Ce matin, la montagne gronde.
La fumée noire descend jusque dans la vallée, glissant paresseusement le long des flancs de pierre. Les cloches du village sonnent. On n'entend plus les oiseaux, dans la forêt. Même les aboiements des chiens se sont tus.
Suzana lisse nerveusement les plis dorés de la robe de cérémonie. La colère du dragon résonne jusque dans les murs de la petite cabane où elle est enfermée depuis hier soir. Bientôt, tout ne sera que cendres et flammes ; rasé, son village, et avec lui toute vie.
Il n'existe qu'un seul moyen de les sauver tous, racontent les anciens.
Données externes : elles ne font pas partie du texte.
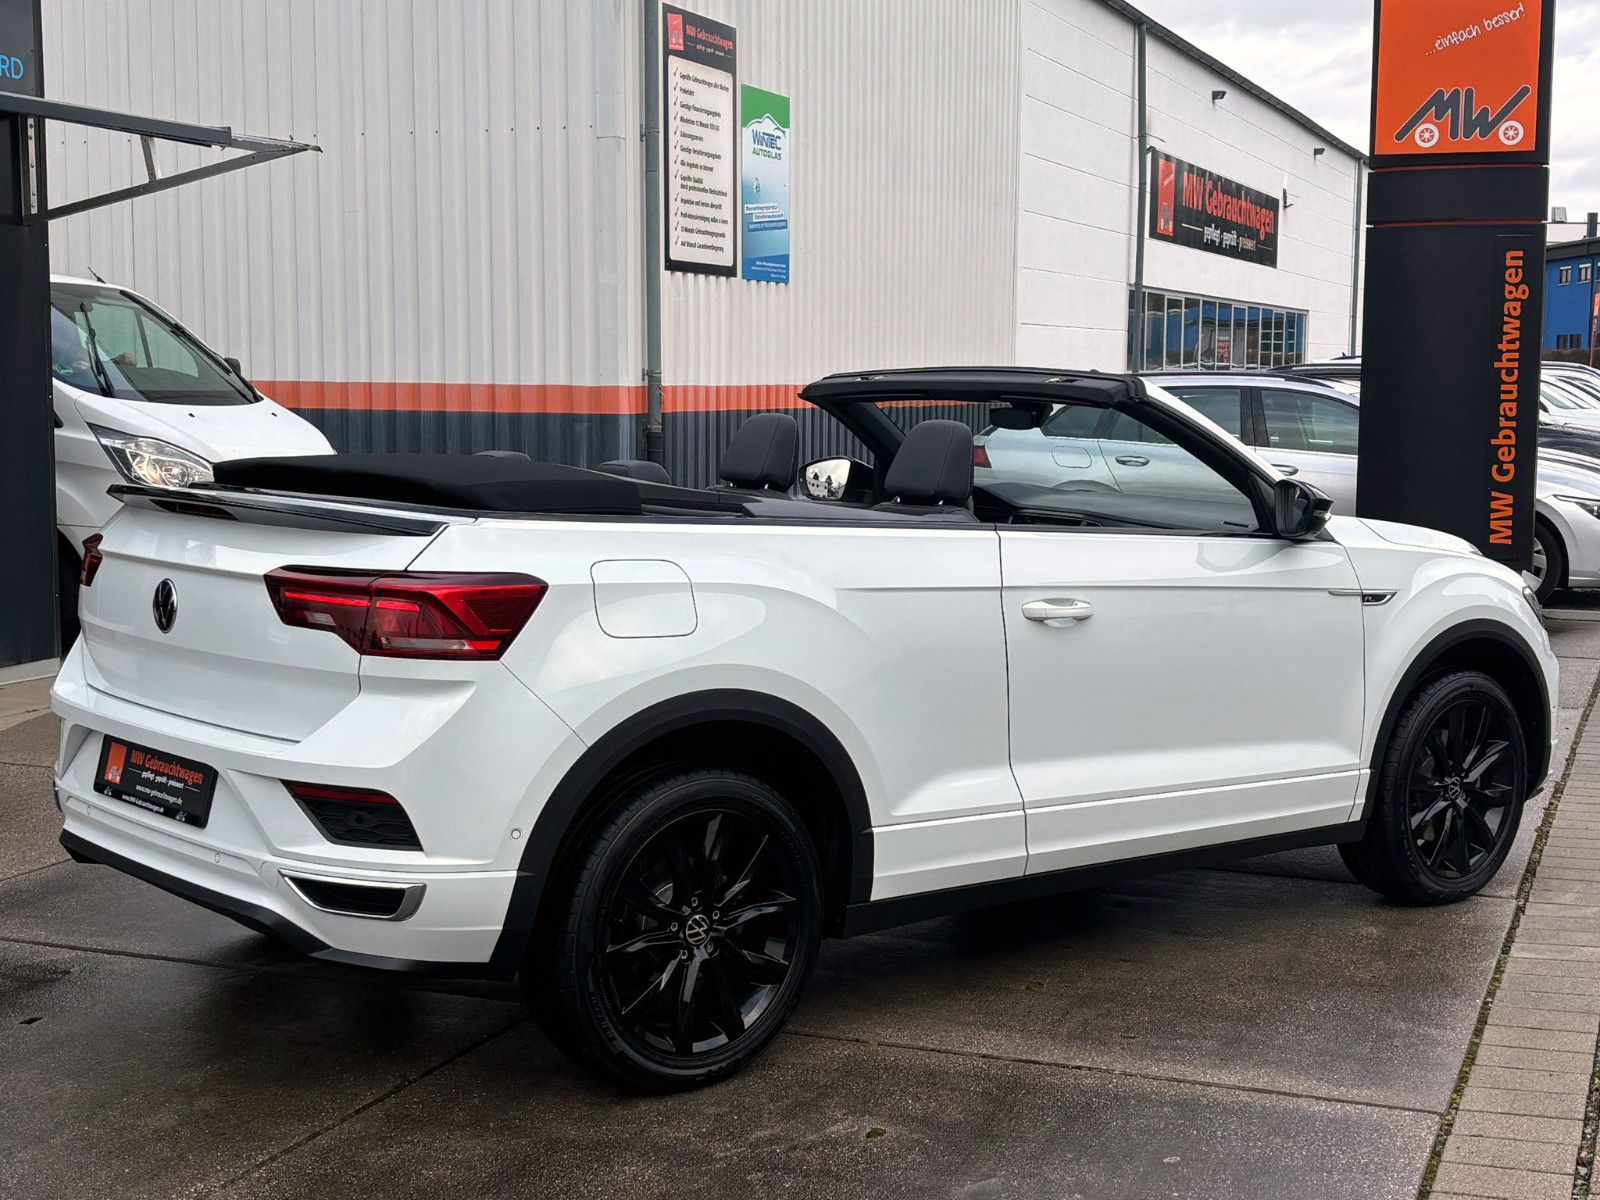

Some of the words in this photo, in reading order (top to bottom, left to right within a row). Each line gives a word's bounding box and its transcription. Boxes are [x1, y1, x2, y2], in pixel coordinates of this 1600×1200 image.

[1483, 2, 1526, 31] besser!
[1394, 85, 1532, 143] MW
[752, 147, 782, 161] AUTOGLAS
[1183, 171, 1204, 211] MW
[1205, 180, 1274, 240] Gebrauchtwagen
[1490, 249, 1530, 483] Gebrauchtwagen
[1489, 491, 1514, 545] MW
[130, 749, 145, 765] MW
[145, 753, 204, 785] Gebrauchtwagen
Un cadeau pour apaiser le dieu de la montagne.
Elle a été choisie, déclarent les anciens entre leurs lèvres fripées.
Elle a été choisie, ils répètent en enduisant sa peau laiteuse d'huiles et de baumes au parfum entêtant.
Elle a été choisie, ils murmurent avec déférence en l'habillant de la plus fine soie, si rouge qu'elle croit voir le sang couler entre ses doigts.
Elle aurait voulu leur crier de prendre sa place, puisqu'ils l'envient si ardemment.
Mais à quoi bon ? Peu importent la colère et les larmes. Elle a été choisie.
Mais Suzana ne compte pas se laisser mourir sans rien faire. Il est temps ; avec précaution, elle soulève une planche du cabanon et extrait de la cache un fourreau ouvragé. La lame est aiguisée, elle le sait. Elle s’en est assurée.
Le katana disparait sous les plis de sa robe. Il est temps.
Le grondement sourd du dragon fait trembler le sol.
Il l’appelle.
Les anciens entrent, et avec eux résonnent les tambours. Suzana aurait du trembler de peur, comme toutes les autres. Les anciens prient, et elle aimerait qu’ils en finissent. La litanie est un supplice. Les anciens se lèvent, un par un, et la procession commence.
Aujourd’hui est jour de fête, car le dieu de la montagne sera enfin apaisé.
Elle ne sait plus si c’est son cœur ou le battement des tambours.
Aujourd’hui est jour de fête, et la foule est en liesse.
Elle discerne le visage de sa mère, aussi stoïque et immuable que la pierre. De son père, des larmes d’argent se perdant dans sa barbe si noire. Ils devraient être fiers. Leur enfant va épouser un dragon.
Les anciens avancent, un pas après l’autre, et son chemin est couvert des pétales des fleurs qu’ils répandent.
Le temps semble se dilater.
L’attente est interminable.
Enfin, la procession arrive au pied de la montagne. L’air n’est plus que fumée noire, soufre et encens. Les cloches du village sonnent une dernière fois, lointaines.
Enfin, le silence tombe.
Les anciens se sont tus.
Suzana disparait au creux de la montagne, et sa robe est derrière elle comme une trainée de sang. Son chemin est tracé par la lueur des torches. La lame si soigneusement dissimulée est dans sa main et brille de l’éclat des flammes. Elle n’a pas peur.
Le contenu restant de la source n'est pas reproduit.